A agenda do evento literário teve ainda oficinas de escrita criativa com Matheus Arcaro e apresentações culturais de música, com Renan Inquérito, DJ Vinícius Preto, rapper João D. Deus e concerto de violas com o maestro José Gustavo Julião de Camargo; de dança, com a Cia Pé na Tábua; de circo, com Brilho Circo Drag; de vídeo, com Matheus Vieira; e intervenção cênica, com Palmira Osunwende.

“A proposta do Revolução Poética é promover esse intercâmbio entre artistas da atualidade e poetas significativos na história da literatura brasileira, convidando o público a uma revolução por meio da poesia. A conexão entre os dois grupos de escritores, que têm suas produções em momentos historicamente tão diferentes, foi muito rica, muito produtiva e muito promissora para novas revoluções”, comenta Adriana Silva, educomunicadora e curadora do evento.

Danilo Barbosa, coordenador do Espaço Cultural da Fábrica e curador da edição de estreia da Fábrica Literária, lembrou que a escolha dos autores convidados priorizou vozes transformadoras. “Todas as escritoras e escritores que participaram do Revolução Poética trouxeram reflexões diante das palavras, em desdobramentos para a multiplicidade de quem somos”, ressaltou. “É nosso papel promover ações que entreguem um mundo melhor para as novas gerações. Neste evento, buscamos isso por meio da literatura”, destacou José Luiz do Carmo, diretor do Instituto SEB.

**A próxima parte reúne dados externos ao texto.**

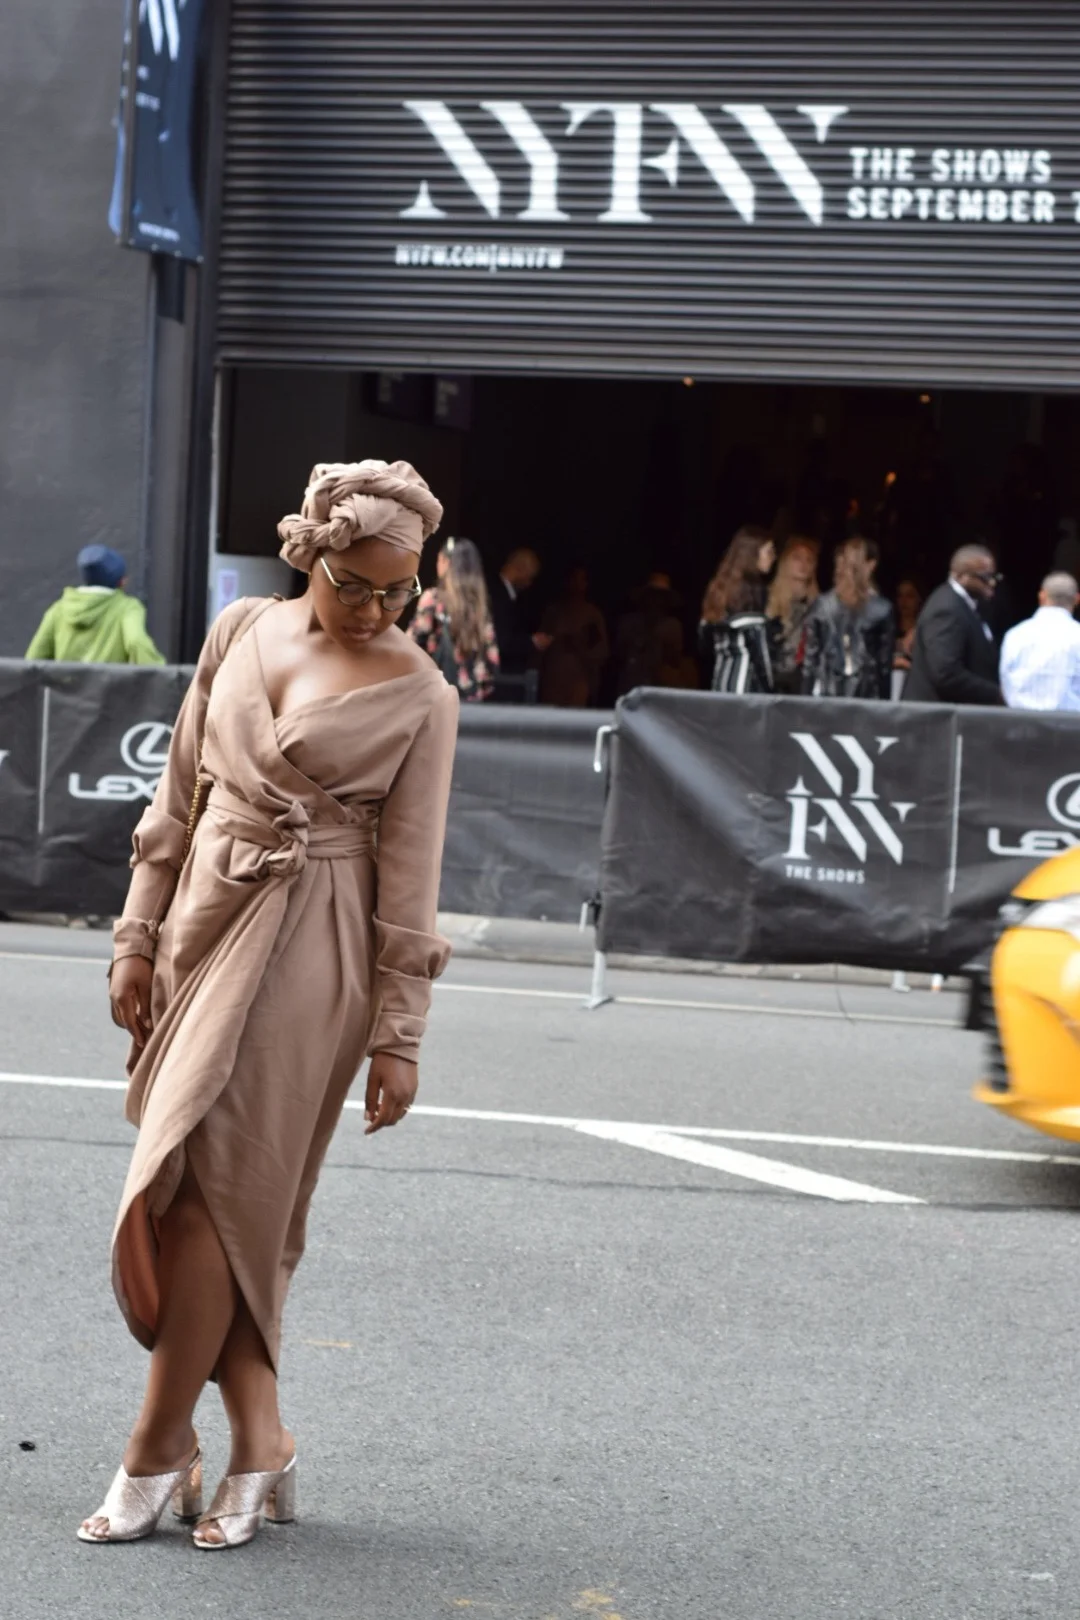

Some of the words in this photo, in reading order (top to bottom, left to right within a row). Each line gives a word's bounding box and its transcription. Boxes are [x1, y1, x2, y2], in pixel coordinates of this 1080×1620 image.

A presidente da Fundação do Livro e Leitura de Ribeirão Preto, Dulce Neves, mostra que o evento contou com um público diversificado, que se conectou não só através das redes sociais, mas também pelas redes criadas a partir do desejo de revolucionar suas ideias. “A programação tentou ser democrática e acessível, proporcionando uma série de atividades literárias e culturais em diversas linguagens. O resultado foi um público presente que correspondeu a essa diversidade: jovens, adultos, professores, estudantes e amantes da literatura. “Valorizamos a poesia como linguagem, como exercício de cidadania e como manifestação artística que contribuiu com a formação de leitores conscientes e críticos”, adiantando que, em agosto, a 21ª edição da Feira Internacional do Livro promete ainda mais revoluções, por meio de todos os estilos literários.

Sobre a Fundação do Livro
A Fundação do Livro e Leitura de Ribeirão Preto é uma entidade de direito privado, sem fins lucrativos. Trata-se de uma evolução da antiga Fundação Feira do Livro, criada em 2004, especialmente para realizar a Feira Nacional do Livro da cidade, hoje considerada a segunda maior feira a céu aberto do país. Em 2020, a Feira tornou-se internacional e em 2021 realizou sua 20ª edição, pela primeira vez, no formato on-line, devido à pandemia do Coronavírus.

Com uma trajetória sólida, projeção nacional e agora internacional, ao longo de seus 20 anos, a entidade ganhou experiência e, atualmente, além da Feira, realiza muitos outros projetos ligados ao universo do livro e da leitura, com calendário de atividades durante todo o ano. A Fundação do Livro e Leitura se mantém com o apoio de mantenedores e patrocinadores, com recursos diretos e advindos das leis de incentivo, em especial do Pronac e do ProAc.

Sobre o Instituto SEB
Ao longo de sua história, o Grupo SEB (Sistema Educacional Brasileiro) tem apoiado projetos ligados ao terceiro setor. Em 2016, criou o Instituto SEB, para reunir e potencializar este trabalho, tendo como sede o espaço A Fábrica, em Ribeirão Preto/SP. As ações do Instituto têm por objetivo engajar pessoas para que se tornem protagonistas do desenvolvimento sustentável de nossa sociedade.